Dataset entries
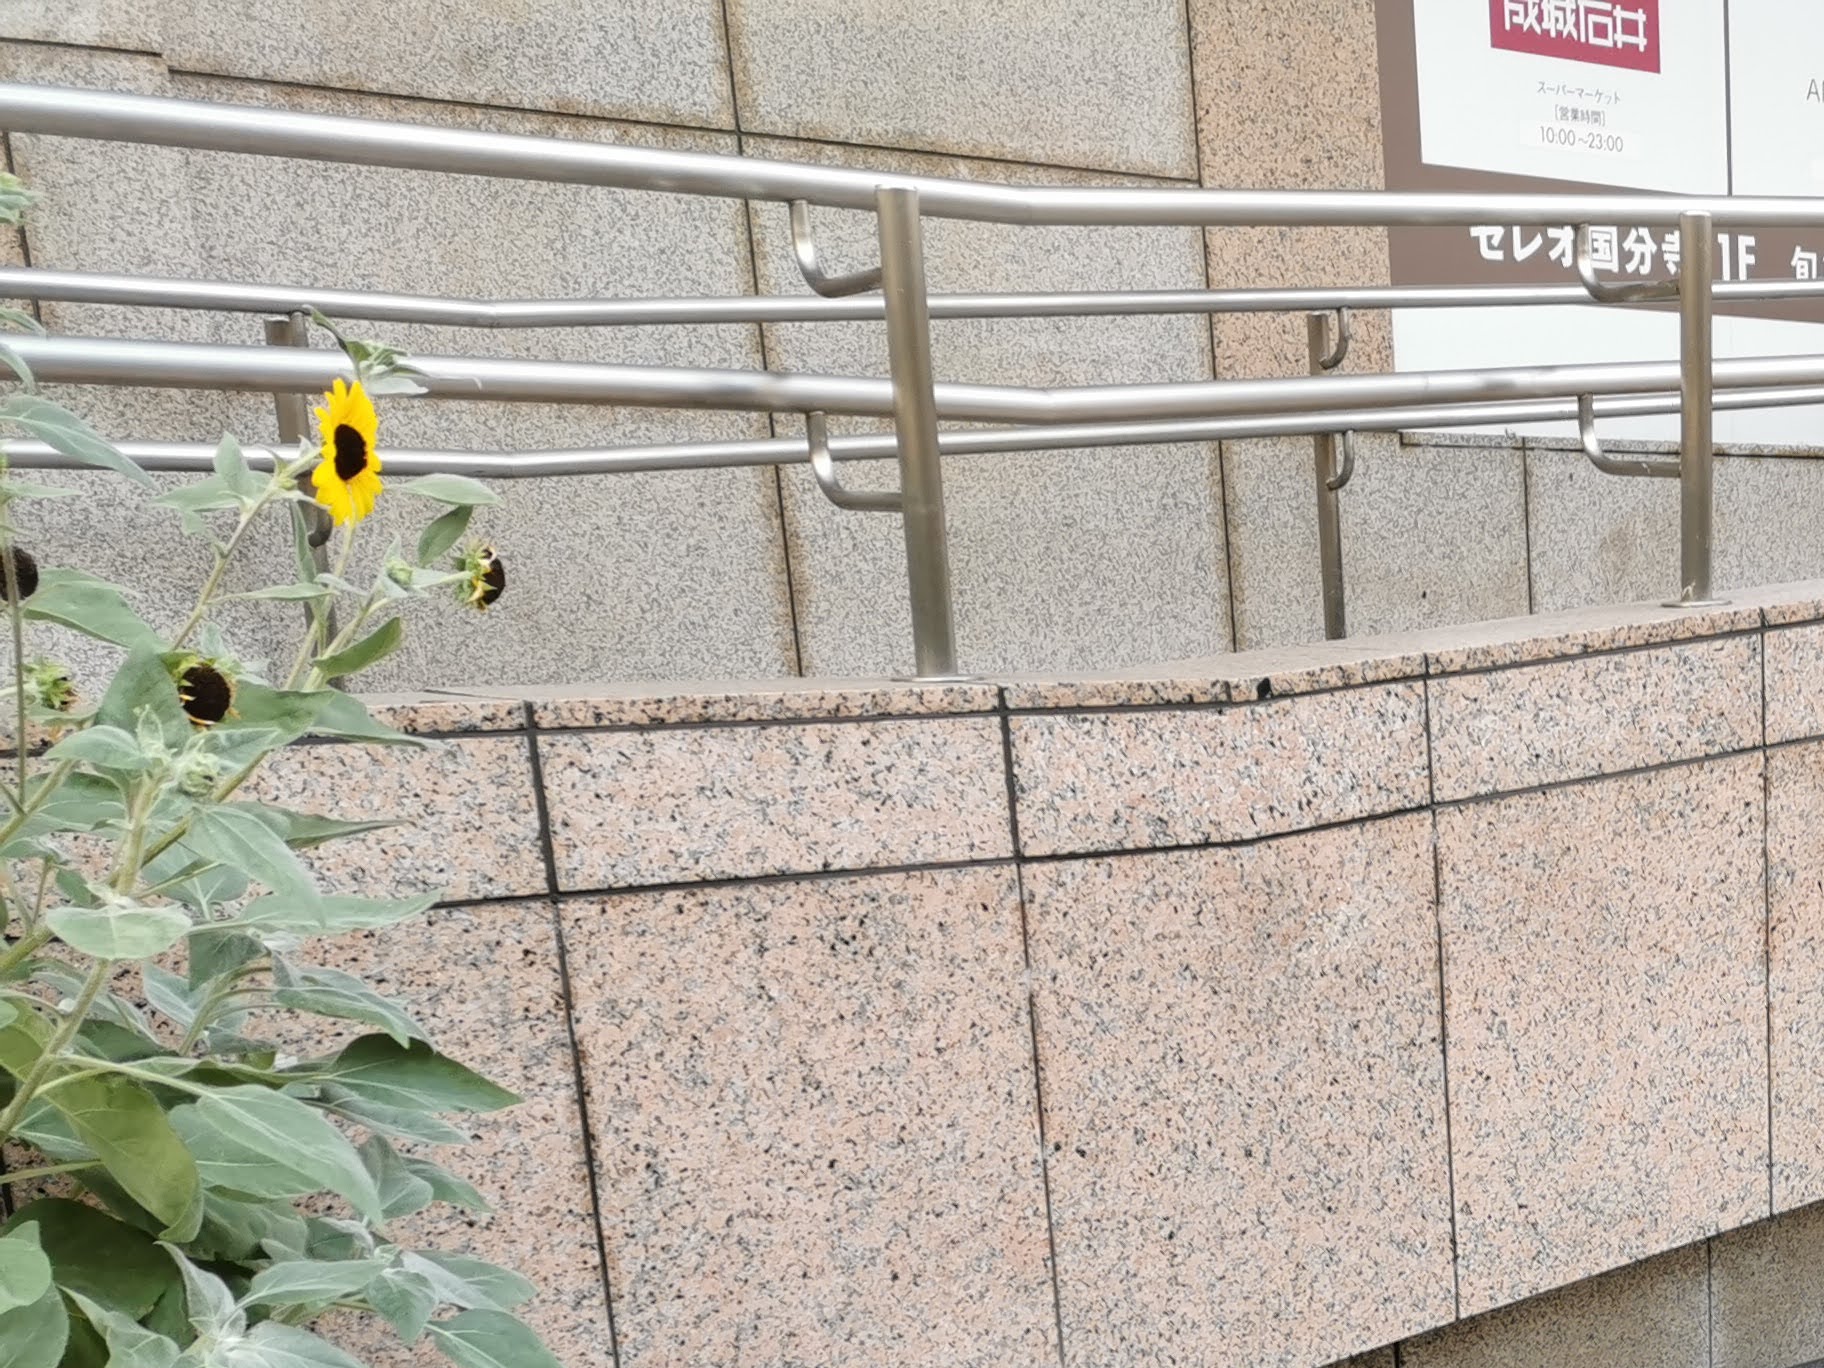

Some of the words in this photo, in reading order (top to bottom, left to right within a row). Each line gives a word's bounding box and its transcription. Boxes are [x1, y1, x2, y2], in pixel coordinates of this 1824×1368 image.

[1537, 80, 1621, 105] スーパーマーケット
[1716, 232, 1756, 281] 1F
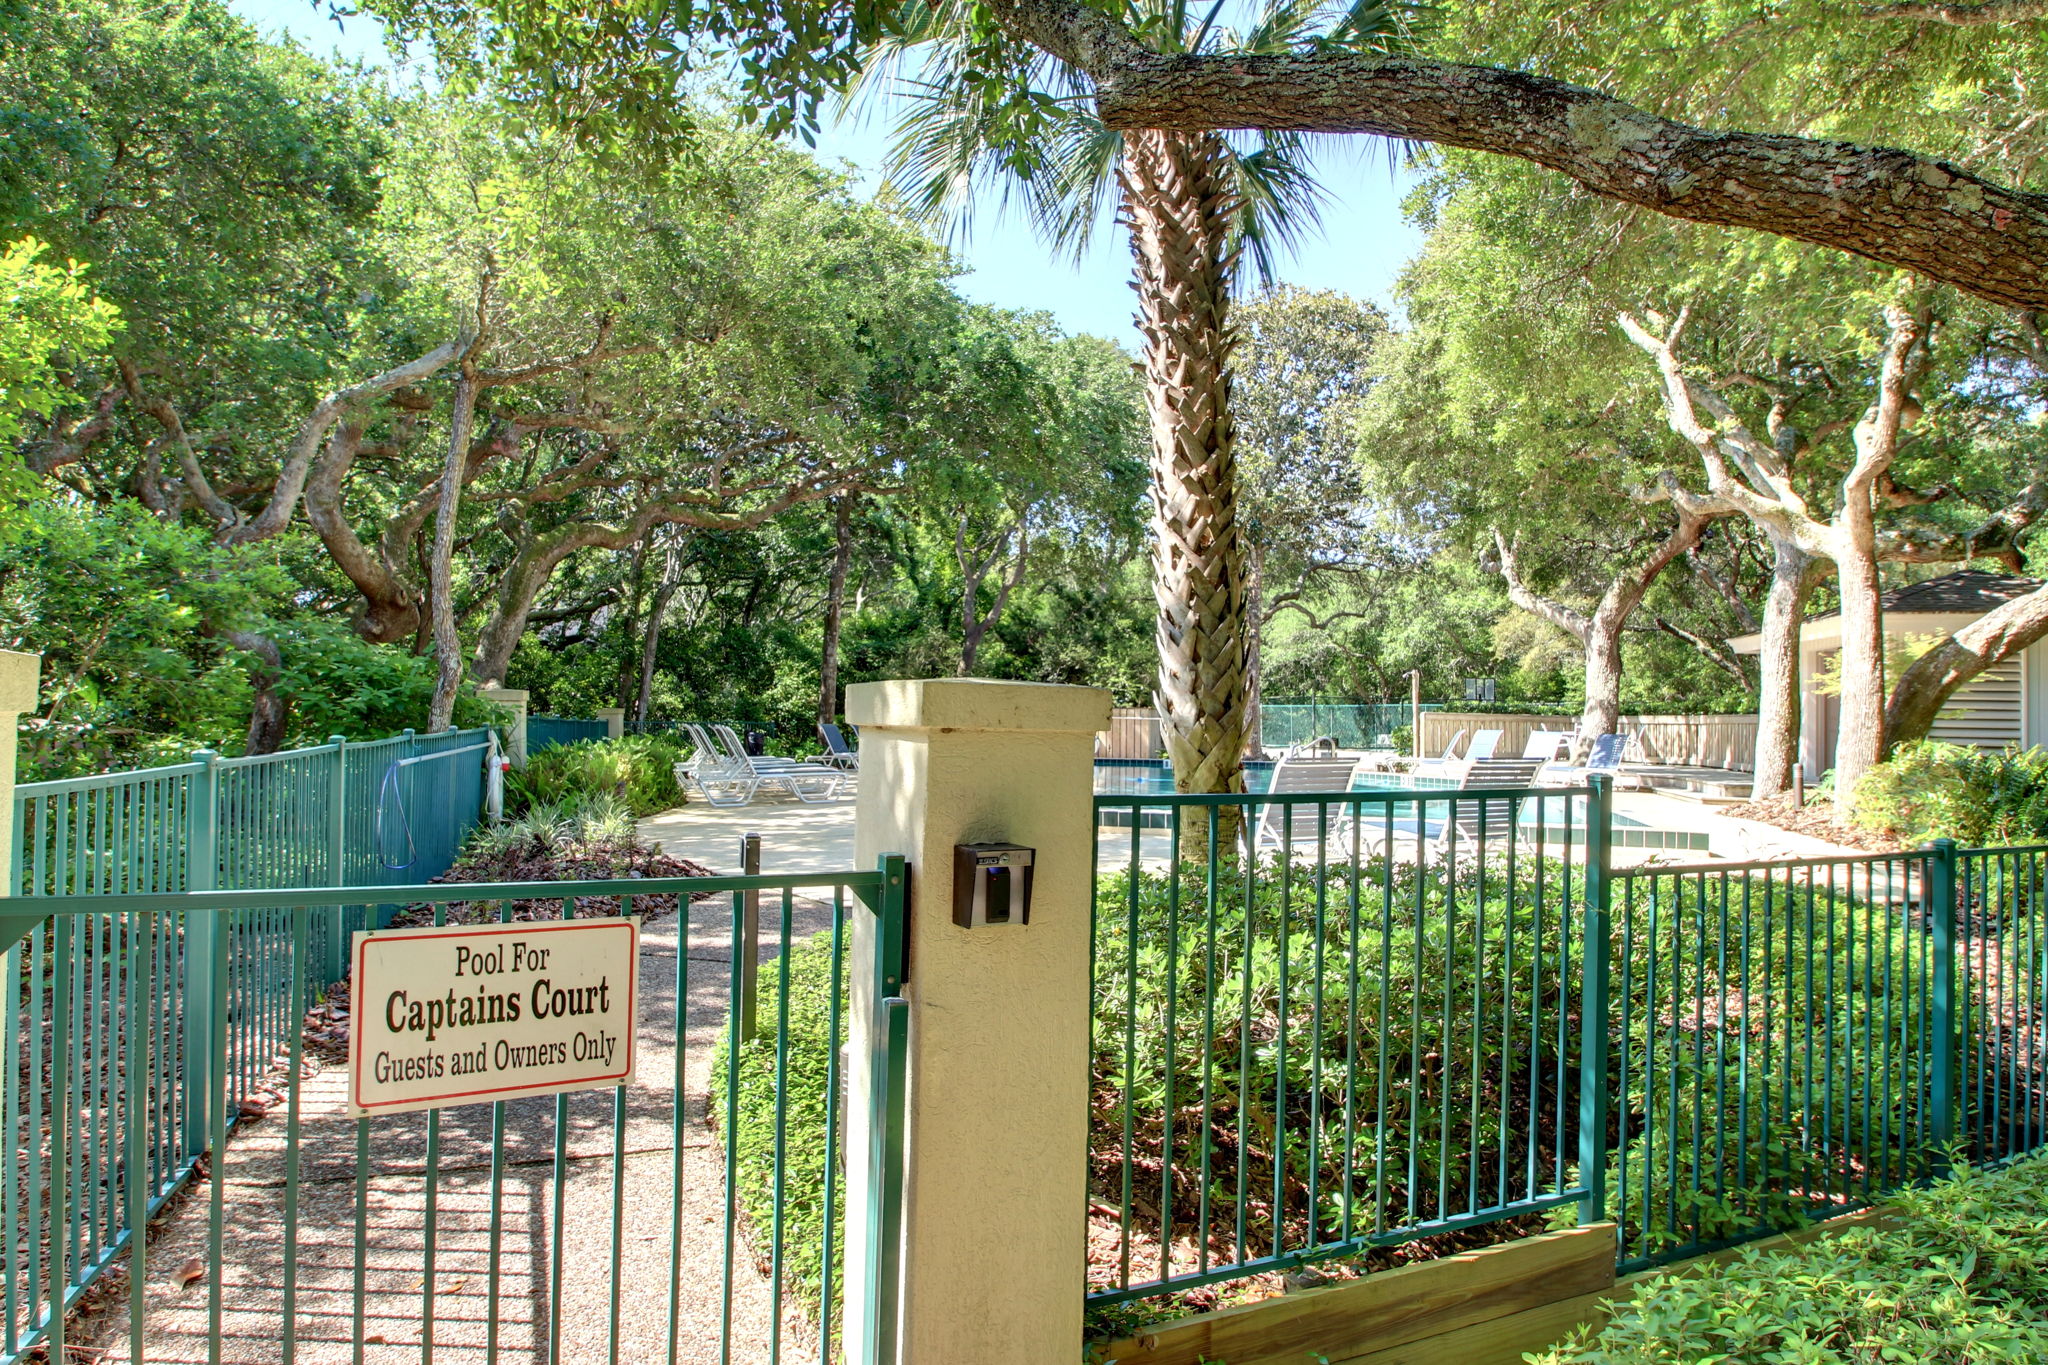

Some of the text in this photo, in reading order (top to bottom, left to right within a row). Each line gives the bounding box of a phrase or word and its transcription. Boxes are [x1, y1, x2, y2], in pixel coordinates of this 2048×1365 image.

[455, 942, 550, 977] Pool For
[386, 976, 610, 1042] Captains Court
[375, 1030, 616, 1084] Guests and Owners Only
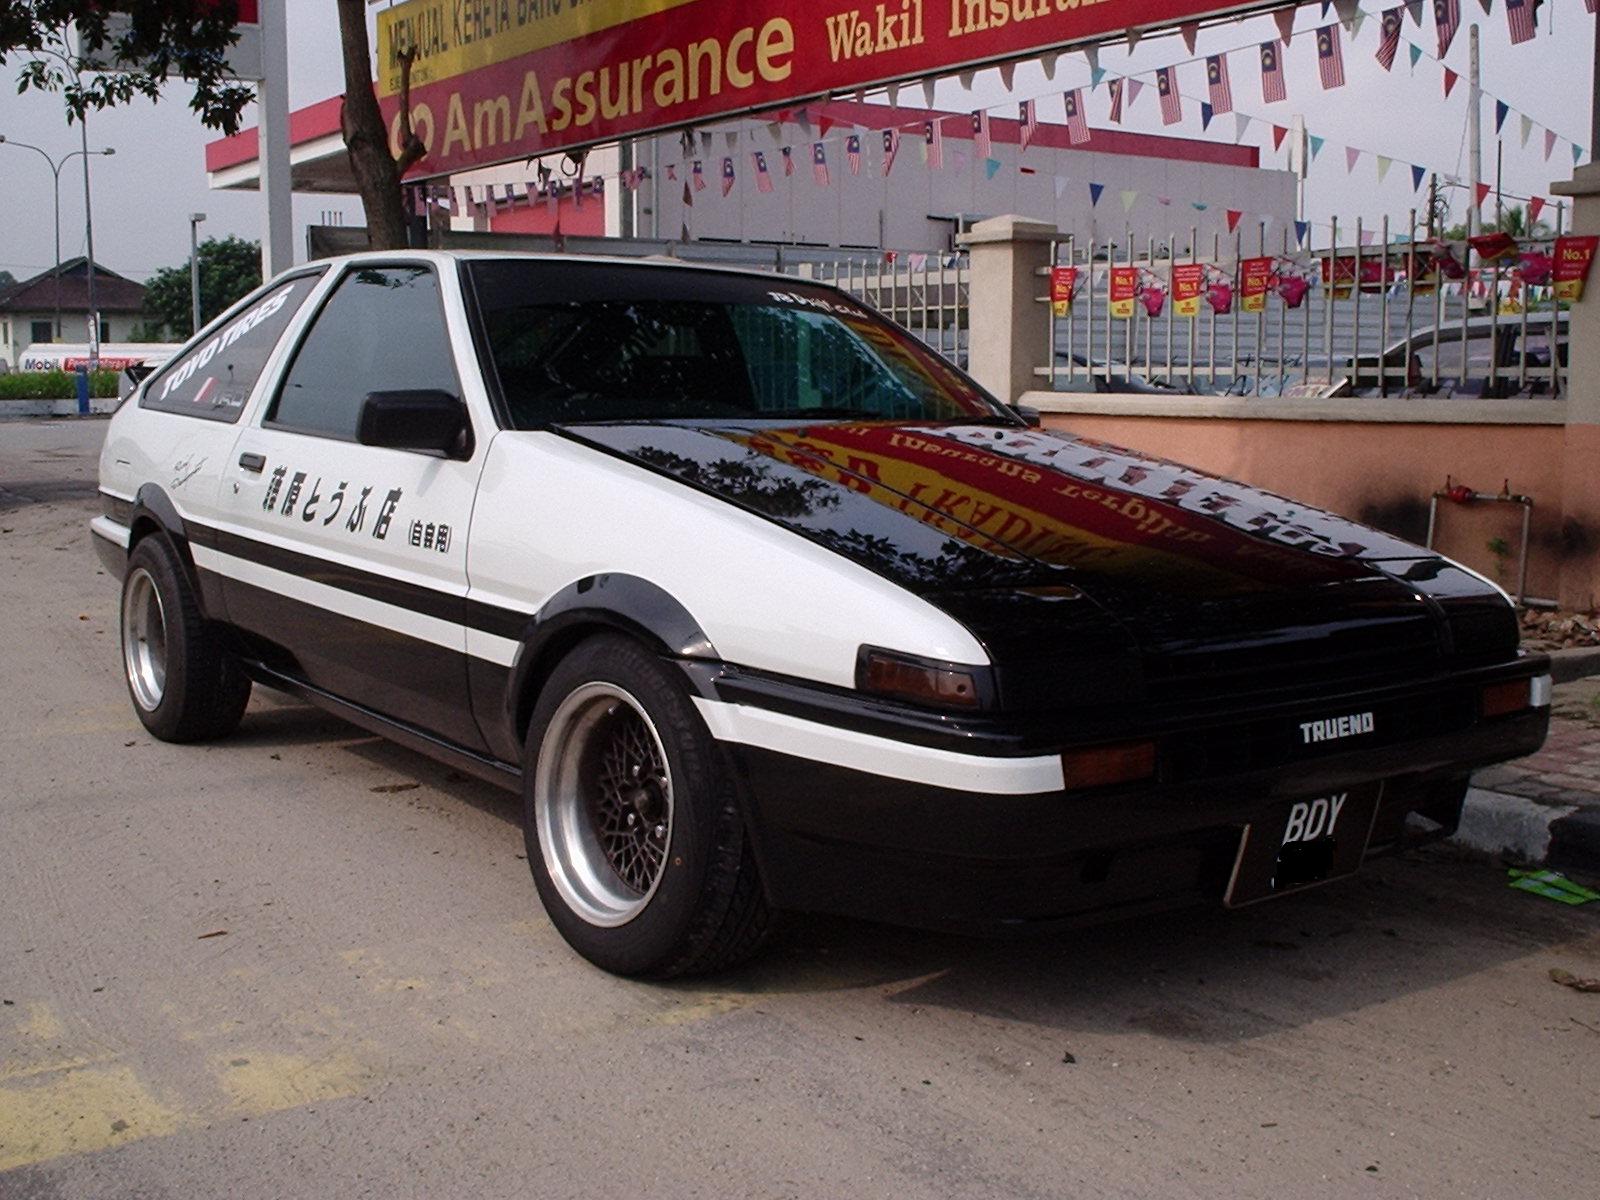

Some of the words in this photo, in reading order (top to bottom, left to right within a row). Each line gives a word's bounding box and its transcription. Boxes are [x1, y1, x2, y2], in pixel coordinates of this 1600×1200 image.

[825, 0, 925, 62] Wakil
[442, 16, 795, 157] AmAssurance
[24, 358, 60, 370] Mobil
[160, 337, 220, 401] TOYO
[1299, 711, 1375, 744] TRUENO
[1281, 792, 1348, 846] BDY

HOW TO COMPLETE THIS TASK
From the first line to the last, repeat the records above exactly, leaving out the pictures.

TASK SOLUTION
Some of the words in this photo, in reading order (top to bottom, left to right within a row). Each line gives a word's bounding box and its transcription. Boxes are [x1, y1, x2, y2], in pixel coordinates of this 1824×1368 image.

[1537, 80, 1621, 105] スーパーマーケット
[1716, 232, 1756, 281] 1F

Some of the text in this photo, in reading order (top to bottom, left to right within a row). Each line gives the bounding box of a phrase or word and its transcription. Boxes are [x1, y1, x2, y2], in pixel coordinates of this 2048×1365 image.

[455, 942, 550, 977] Pool For
[386, 976, 610, 1042] Captains Court
[375, 1030, 616, 1084] Guests and Owners Only

Some of the words in this photo, in reading order (top to bottom, left to right within a row). Each line gives a word's bounding box and its transcription. Boxes are [x1, y1, x2, y2], in pixel coordinates of this 1600×1200 image.

[825, 0, 925, 62] Wakil
[442, 16, 795, 157] AmAssurance
[24, 358, 60, 370] Mobil
[160, 337, 220, 401] TOYO
[1299, 711, 1375, 744] TRUENO
[1281, 792, 1348, 846] BDY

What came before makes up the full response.